​The Jungle Book and its Plot Structure Part 01: The Three Act Structure

Okay, so this is my first time writing a writing tips post. After reading a lot of posts about plot structure, I finally comprehended how it works, whether it’s the traditional three act structure, or Michael Hauge’s famous Six Stage Structure, or the Eight Sequence Structure used for screenwriting (and maybe in novel writing too). And as experiment, this will be my first time applying those structures on one of 2016’s critically acclaimed movies, The Jungle Book. 

I’ve watched the movie three times on TV, first time to enjoy it as a movie, and the other two times to divide it into these structures. I may be wrong in the dividing parts. If I am, let me know in the comments section and I’ll take notes. 

First up, the traditional three act structure:

Act 01: Inciting Incident and First Plot Point:

Act one usually shows us the protagonist’s life in normal and how, though they are happy, something is lacking in their lives. Then the inciting incident occurs and everything changes. Act one ends with the protagonist going on a journey (physically or emotionally) to a new place. Usually act one ends on 25% in novels and in 30 minutes marking in the movies/screenplays.

Example: In The Jungle Book, the protagonist, Mowgli’s life with the wolves is shown. He competes with them in a race and loses because he isn’t permitted to use his “human” tricks. Then the peace rock shows up and again he uses “human” trick to get water for himself, only to get scolded by the wolf pack leader, Akela, that the jungle isn’t a place for these tricks. 

Then the inciting incident occurs. Shere Khan arrives and catches Mowgli with the wolves. Because of the peace rock, he threatens to kill Mowgli afterwards along with the wolves if they don’t hand him over. So the wolves argue, making Mowgli decide to leave the jungle with Bagheera and go live with the humans. 

Act 02: Incidents Centering the Midpoint:

In this part, the largest of the three, the journey is shown in the protagonist’s life. They go through multiple setbacks and obstacles to finally mould into the person they need to be to overcome their obstacles and reach their goals. 

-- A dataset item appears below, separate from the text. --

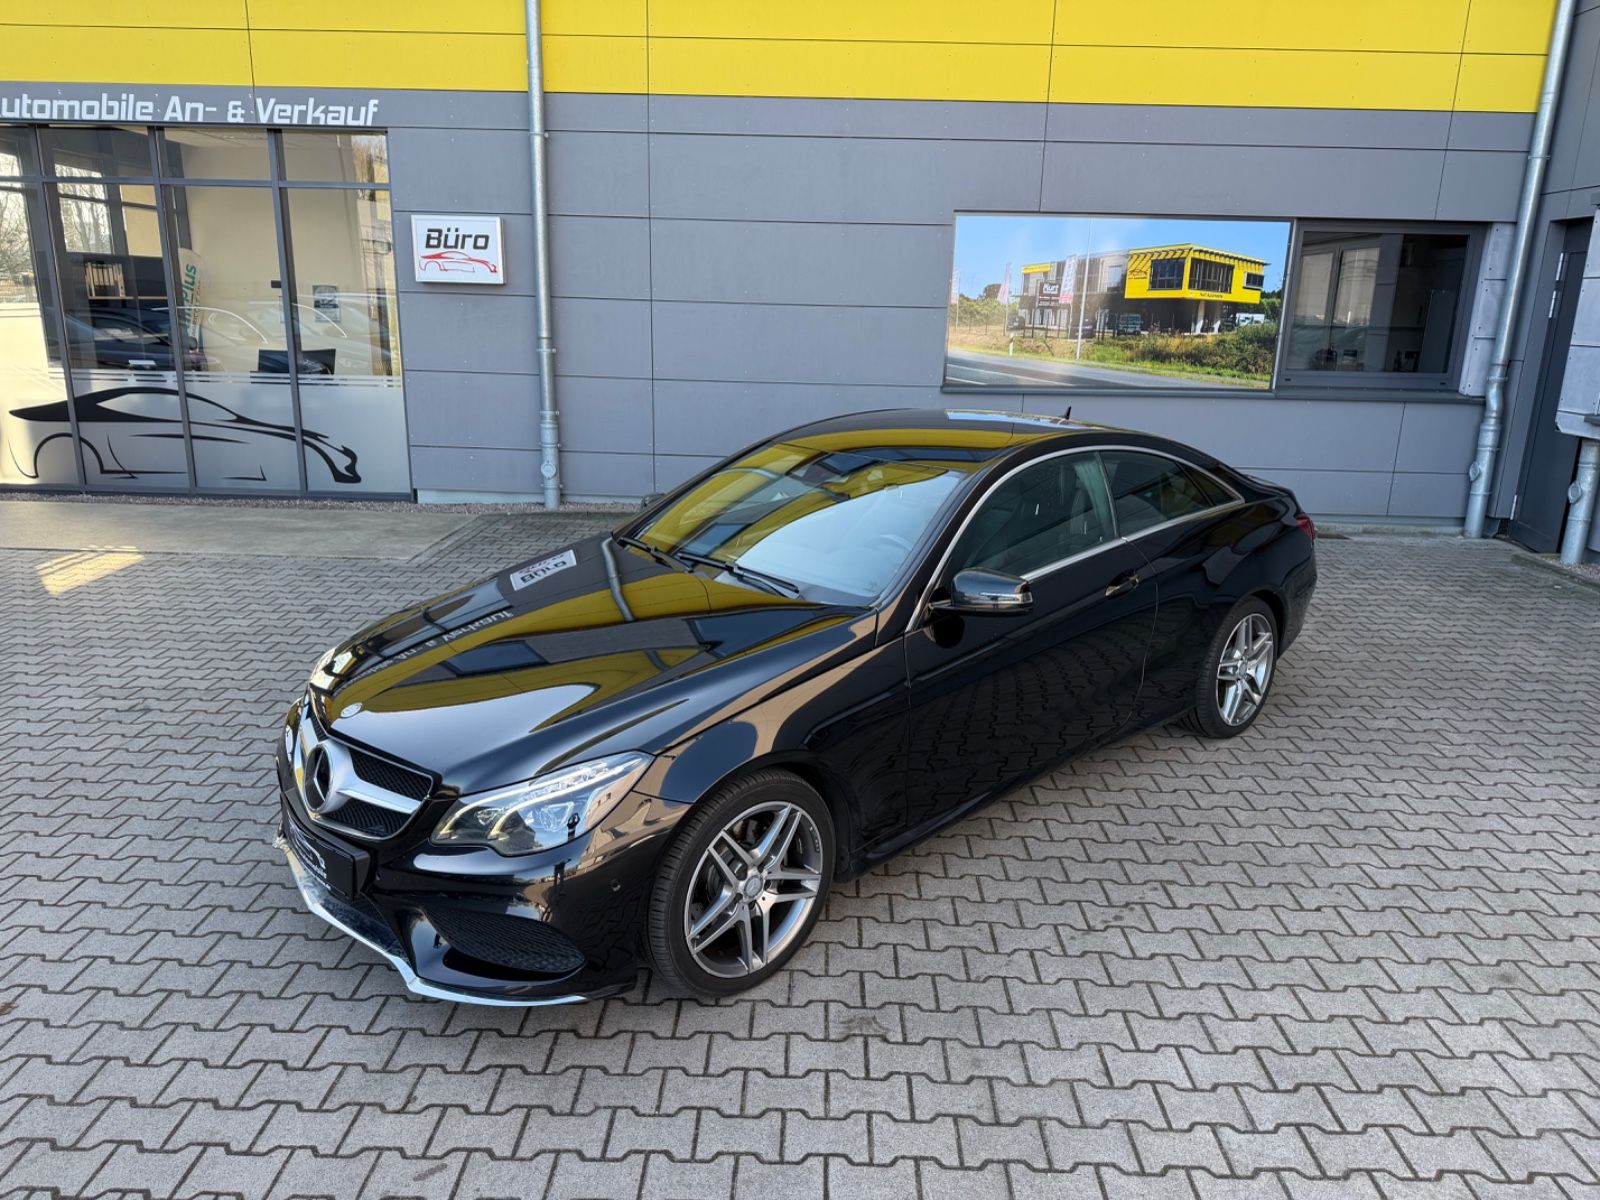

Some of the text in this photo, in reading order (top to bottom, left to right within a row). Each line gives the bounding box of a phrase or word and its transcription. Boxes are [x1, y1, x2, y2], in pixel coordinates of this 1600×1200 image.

[0, 93, 379, 126] utomobile An- & Verkauf
[425, 227, 490, 250] Büro

In Mowgli’s case, it was his identity. He identifies himself as a wolf but feels like a parish due to his “human” tricks. This part also brings midpoint reversal, where the protagonist gets a glimpse of who he really is, according to James Scott Bell. 

In Mowgli’s case, it occurred after meeting Baloo and finding opportunities and encouragements he needed to exercise and expand his “human” tricks. 

In act two, another important incident occurs called the Dark Night of the Soul. In this part, the protagonist has lost all hopes and must find a way, insane or not, to get to his goal. In Mowgli’s case, it was finding out that Akela died because of him and now the wolves’ lives are endangered only for him. Even if he leaves the jungle and lives with the humans, Shere Khan won’t leave the wolves alone. So he runs to the human’s village and decides to use the red flower to scare away Shere Khan. Only to find himself with no allies and setting part of the jungle on fire. So he now journeys to…

Act 03: The Climax and Resolution:

In this part, the protagonist, with his allies and his newly achieved skills/plans, faces the antagonist/antagonistic force. When a battleground, the allies first face off with the antagonist/antagonistic force or its allies. Battle ensues before the main antagonist and the protagonist face off. 

After the battle, mostly the protagonist wins and the life he has afterwards for growing into the person he needed to be is shown. 

In Mowgli’s case, to show everyone he isn’t like other humans, he put the fire off. His allies trust in him and they face Shere Khan. This is where Bagheera advises Mowgli, like a true mentor, to fight Shere Khan like a human, not as a wolf. Mowgli runs to the aflamed part of the jungle and devices a plan to defeat Shere Khan. Foolishly, Shere Khan walks into the red flower trap and dies. 

In the resolution, Mowgli is using his tricks successfully to win race against both Bagheera and the wolves. Raksha is crowned the leader of the pack and Mowgli is living happily with everyone.